▶ _WORK TASK_
Every line of the listing below is to be duplicated exactly, with the pictures left out.

▶ _DATA FOR THIS TASK_
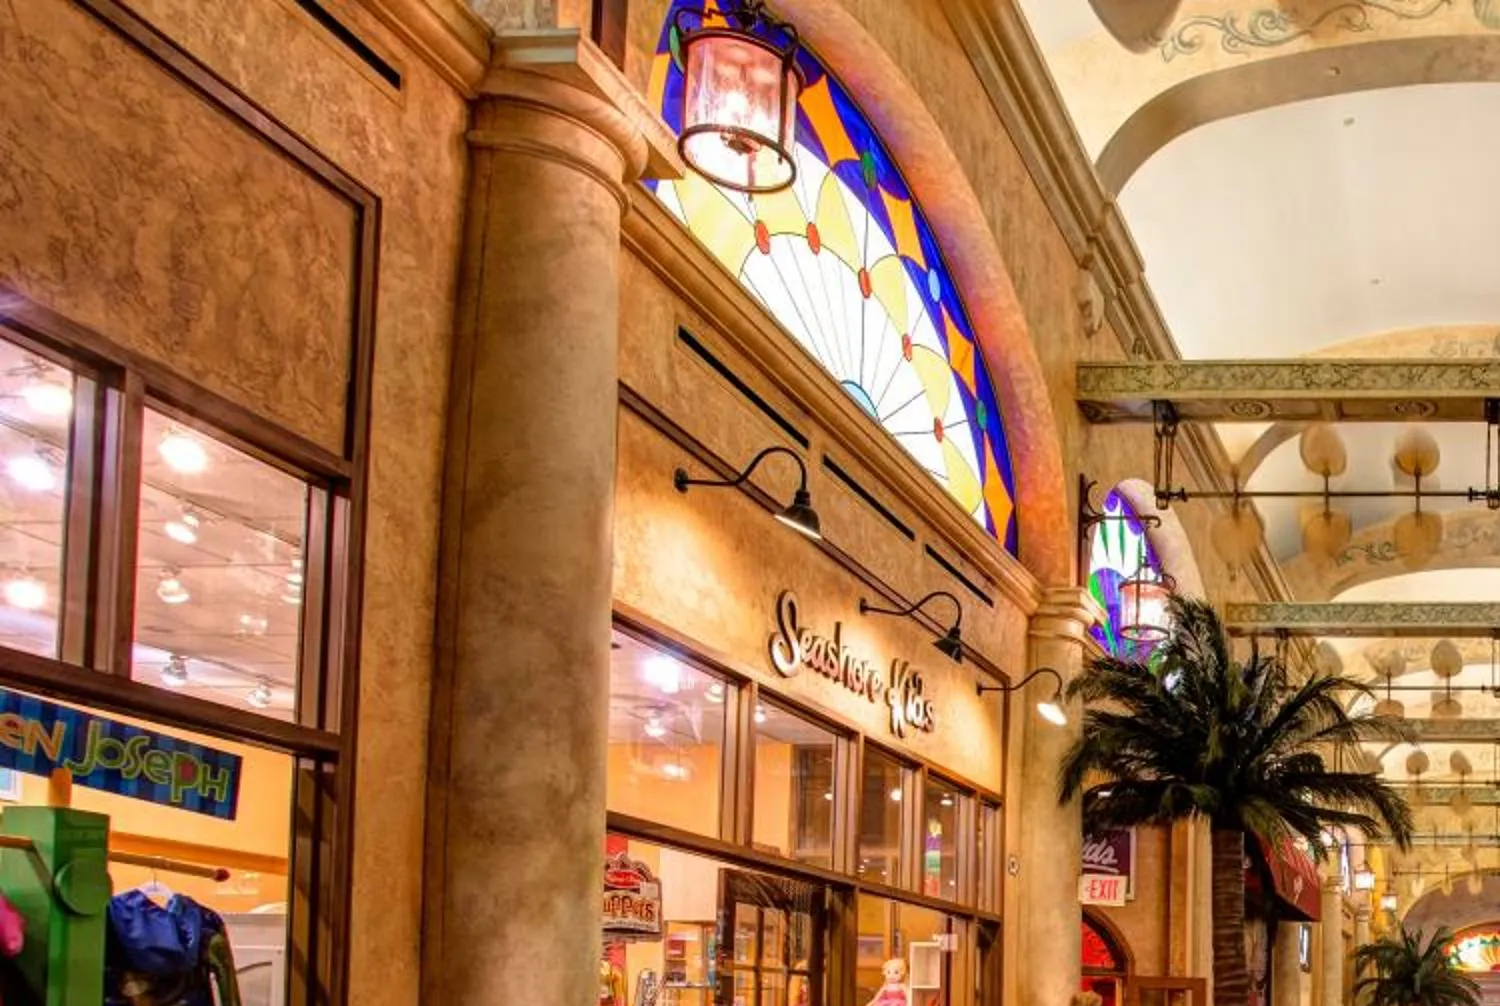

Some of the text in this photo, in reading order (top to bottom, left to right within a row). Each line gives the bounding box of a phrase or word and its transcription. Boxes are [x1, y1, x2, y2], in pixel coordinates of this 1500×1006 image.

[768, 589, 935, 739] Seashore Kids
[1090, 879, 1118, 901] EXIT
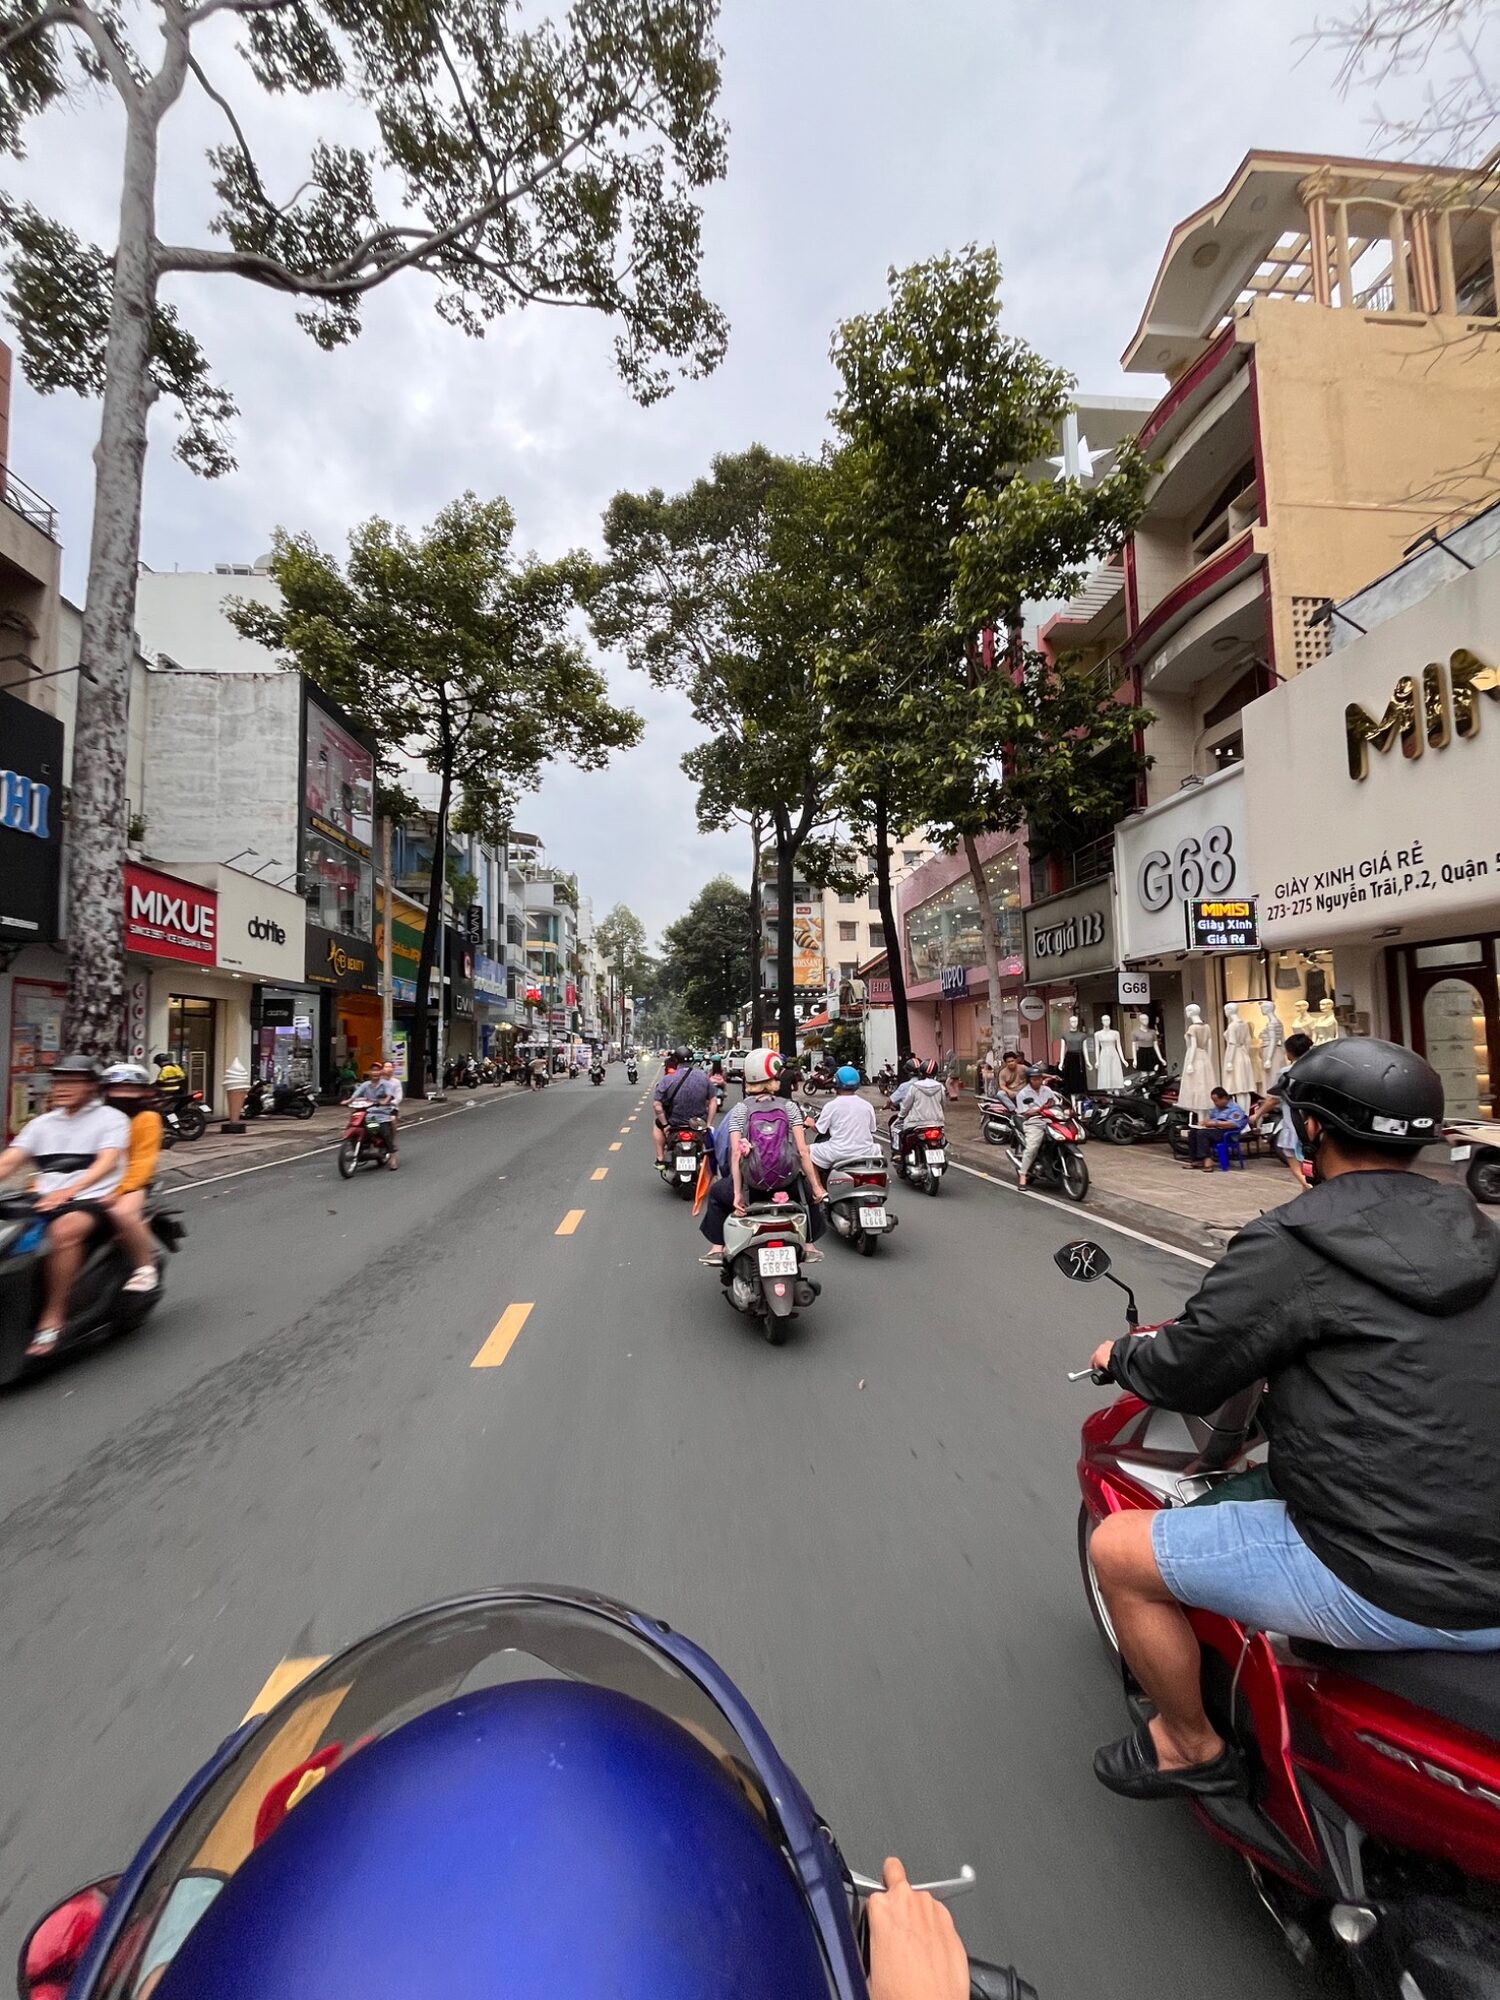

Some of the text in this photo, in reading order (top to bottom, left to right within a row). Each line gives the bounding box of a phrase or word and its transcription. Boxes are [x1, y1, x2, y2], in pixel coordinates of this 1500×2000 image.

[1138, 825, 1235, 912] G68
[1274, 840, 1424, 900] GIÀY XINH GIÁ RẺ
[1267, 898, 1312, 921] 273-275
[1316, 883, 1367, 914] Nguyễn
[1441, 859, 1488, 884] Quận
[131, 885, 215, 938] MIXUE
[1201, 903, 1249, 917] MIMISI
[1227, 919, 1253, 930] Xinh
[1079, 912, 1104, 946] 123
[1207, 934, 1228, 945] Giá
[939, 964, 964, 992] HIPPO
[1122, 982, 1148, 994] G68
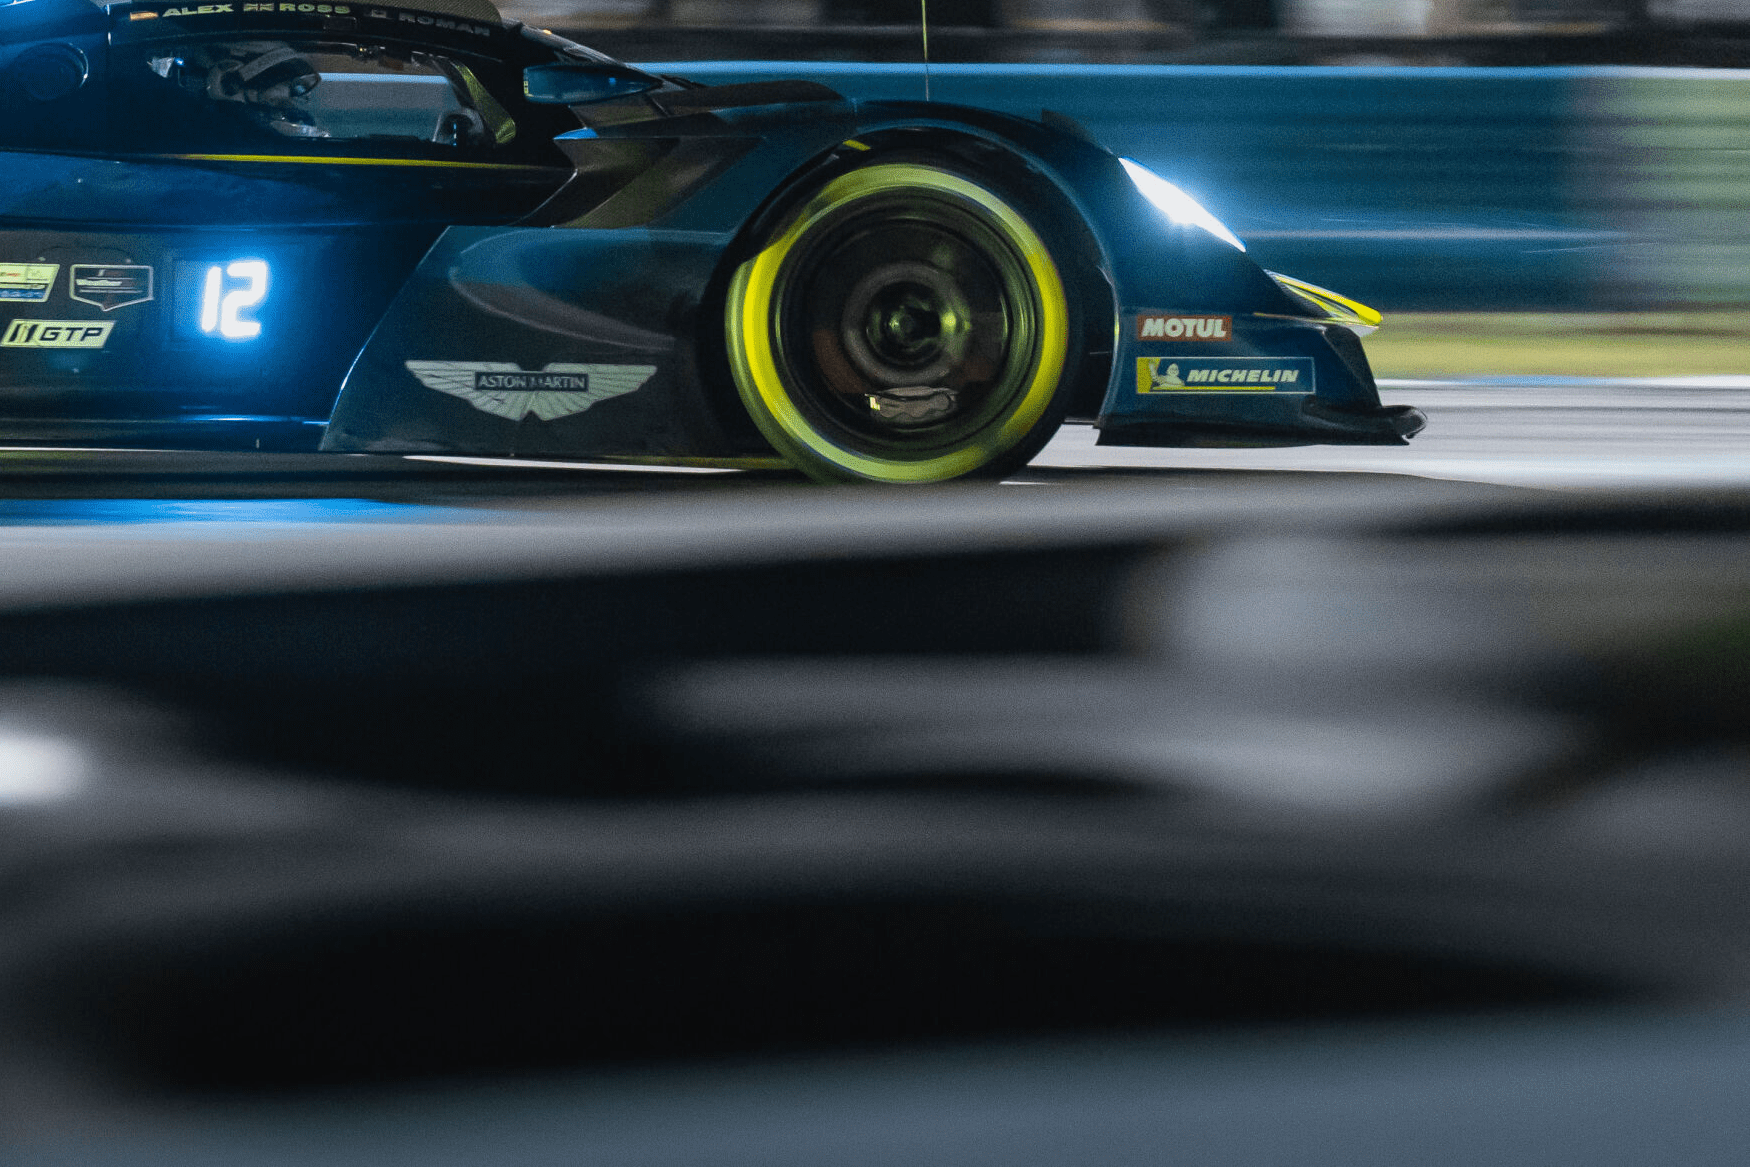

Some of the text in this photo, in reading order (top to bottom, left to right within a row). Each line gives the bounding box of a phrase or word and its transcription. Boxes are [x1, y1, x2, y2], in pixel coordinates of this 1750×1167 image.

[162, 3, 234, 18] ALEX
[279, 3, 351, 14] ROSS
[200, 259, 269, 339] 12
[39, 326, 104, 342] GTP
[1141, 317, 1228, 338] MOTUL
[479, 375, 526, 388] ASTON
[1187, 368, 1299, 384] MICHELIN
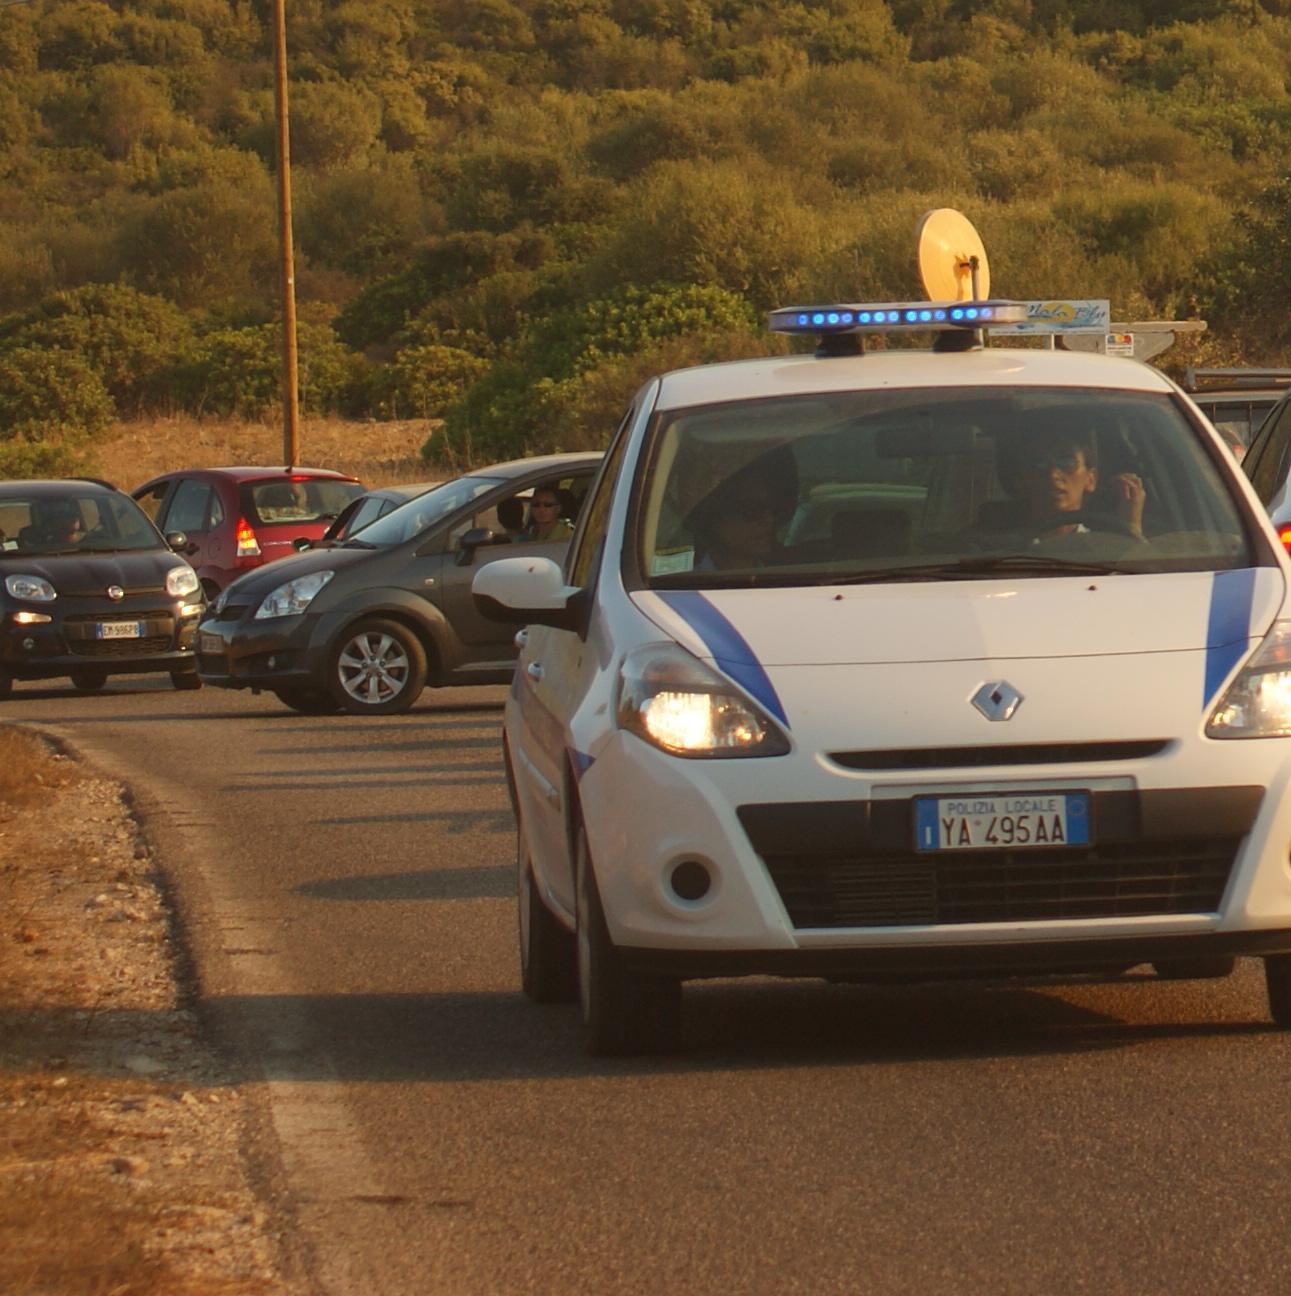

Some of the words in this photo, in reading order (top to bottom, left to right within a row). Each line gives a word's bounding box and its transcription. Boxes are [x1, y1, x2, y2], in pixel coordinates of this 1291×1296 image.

▶ _WRITTEN ANSWER_
Some of the text in this photo, in reading order (top to bottom, left to right within a row). Each line gives the bounding box of a phrase or word and its transcription. Boxes are [x1, y1, x2, y2], in pixel coordinates of this 1500×1006 image.

[768, 589, 935, 739] Seashore Kids
[1090, 879, 1118, 901] EXIT

Some of the text in this photo, in reading order (top to bottom, left to right within a row). Each line gives the bounding box of a phrase or word and its transcription. Boxes are [x1, y1, x2, y2], in pixel coordinates of this 1500×2000 image.

[1138, 825, 1235, 912] G68
[1274, 840, 1424, 900] GIÀY XINH GIÁ RẺ
[1267, 898, 1312, 921] 273-275
[1316, 883, 1367, 914] Nguyễn
[1441, 859, 1488, 884] Quận
[131, 885, 215, 938] MIXUE
[1201, 903, 1249, 917] MIMISI
[1227, 919, 1253, 930] Xinh
[1079, 912, 1104, 946] 123
[1207, 934, 1228, 945] Giá
[939, 964, 964, 992] HIPPO
[1122, 982, 1148, 994] G68

Some of the text in this photo, in reading order (top to bottom, left to right within a row). Each line gives the bounding box of a phrase or word and its transcription. Boxes are [x1, y1, x2, y2], in pixel coordinates of this 1750×1167 image.

[162, 3, 234, 18] ALEX
[279, 3, 351, 14] ROSS
[200, 259, 269, 339] 12
[39, 326, 104, 342] GTP
[1141, 317, 1228, 338] MOTUL
[479, 375, 526, 388] ASTON
[1187, 368, 1299, 384] MICHELIN

Some of the words in this photo, in reading order (top to bottom, left to right within a row). Each line gives a word's bounding box and its transcription. Boxes are [x1, y1, x2, y2], in pixel coordinates of this 1291×1296 image.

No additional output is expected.